E) Foi então proferido nesse Tribunal (TEP), em 18-04-2017, despacho, declinando, por inadmissibilidade legal, a declaração de contumácia, cujo teor, nas partes mais significativas, se passa a transcrever:
«(…) Seguindo de perto o decidido no Ac. da RC de 25/3/2015 (disponível em www.dgsi.pt) “A prisão subsidiária resultante da conversão da pena principal de multa ao abrigo do artigo 49.º do CP, tem natureza e regime diferente, ou seja, um regime próprio e específico de execução relativamente a uma verdadeira pena de prisão aplicada a título principal”.
(…).
Como se refere na decisão recorrida acolhida naquele aresto “compreende-se a solução legal: apenas quando se assome uma prática delitual com dimensionado índice de ofensividade se justifica e se tem por admissível a intrusão no direito (fundamental, de catálogo) do agente ao exercício de direitos (art. 26.º/1 da Constituição da República e art. 337.º/1 do CPP) no âmbito da execução da pena e nos termos caracterizados na lei do processo (…)”.
Ora, a prisão subsidiária não é uma pena substitutiva, mas antes uma mera sanção (penal) de constrangimento, que tem em conferir consistência e eficácia à pena de multa.
E apesar de posteriormente convertida em prisão subsidiária reduzida a dois terços, nos termos do disposto no art. 49.º, n.º 1, do CP, tal pena conserva a sua natureza originária de pena de multa, mesmo que tendo sido executada, em conformidade com o estatuído no n.º 3 do mesmo normativo.
Acresce que, e tal como se refere no mencionado acórdão “quando se executa ou cumpre a pena de multa, em qualquer uma das modalidades possíveis e admissíveis (…), o que se declara extinta é a pena de multa e não – no presente caso – a prisão subsidiária aplicada”.
(…) conclui-se, no citado aresto, que “perante a diferença de natureza entre a pena de prisão aplicada a título principal e a prisão subsidiária aplicada por efeito de conversão da pena principal de multa”, não é “legítimo e constitucionalmente admissível a restrição de direitos do arguido, nesta concreta situação com a sua declaração de contumácia”, porquanto “…o mecanismo constante do art. 97.º/2 do CEPMS representa uma fórmula de intrusão em direitos, liberdades e garantias (direito à capacidade civil – art. 26.º/1 da Constituição da República) apenas consentida quando na presença de um interesse legitimador específico (art. 18.º, n.º 3 da Constituição da República) relativo ao exercício de acção penal e à pena com que se confronta o procedimento, aqui se achando a concordância prática de interesses (especiais) que normativamente se impunha ao legislador penal.
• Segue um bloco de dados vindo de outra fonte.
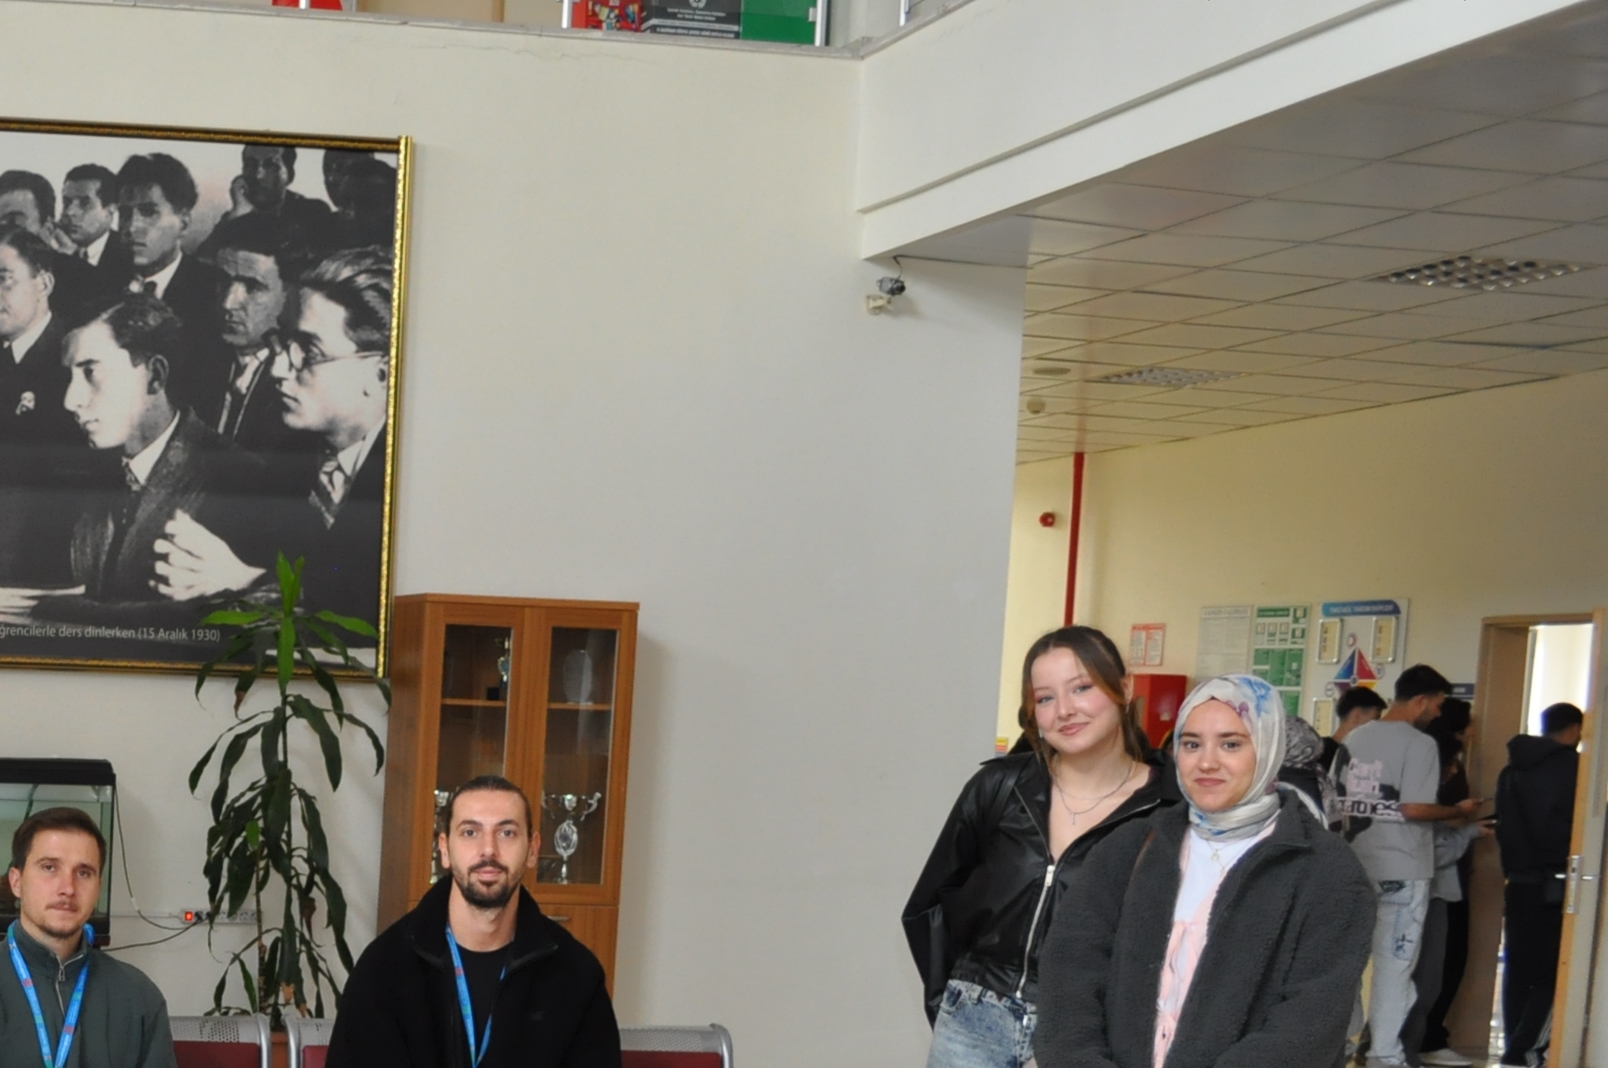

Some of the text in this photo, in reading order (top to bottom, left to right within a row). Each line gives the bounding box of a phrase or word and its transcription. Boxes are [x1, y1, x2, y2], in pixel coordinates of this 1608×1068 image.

[58, 625, 82, 638] ders
[84, 626, 136, 639] dinlerken
[137, 628, 155, 641] (15
[157, 628, 188, 641] Aralık
[191, 628, 221, 642] 1930)
De facto, nos termos do citado articulado legal, é necessário que se esteja perante a execução de pena de prisão ou medida (de segurança) de internamento para que mereça aplicabilidade a declaração do agente como contumaz, o que significa que apenas quando o julgador se confronta com a execução da extrema ratio do direito penal – simetricamente implicando, por implícito, se trate da reacção pública a uma lesão particularmente grave na ordem jurídica –, se autoriza se recorra, no âmbito da execução, ao mecanismo esculpido no art. 97.º/2 do CEPMS, que impacta na esfera individual do arguido condenado por via do estabelecido nos arts. 335.º, 336.º e 337.º, estes do CPP. Desta forma, observamos que apenas no âmbito da execução de reacções penais (baseadas em culpa ou inimputabilidade perigosa) cuja natureza importem encarceramento, se tem o regime de contumácia ao condenado evadido como normativamente comportado, estando o instituto afastado do campo da execução de penas de outra natureza”.
Tendo tal posição apoio na letra quer na ratio legislativa do artigo 97.º, n.º 2, do CEP, na medida em que tal norma é expressiva ao referir-se a pena de prisão ou medida de internamento, há que concluir que a prisão subsidiária resultante da conversão da pena principal de multa não cabe na previsão daquele preceito, para efeitos de declaração de contumácia.
(…).
Face a tudo o exposto, e por inadmissibilidade legal, não será proferida declaração de contumácia».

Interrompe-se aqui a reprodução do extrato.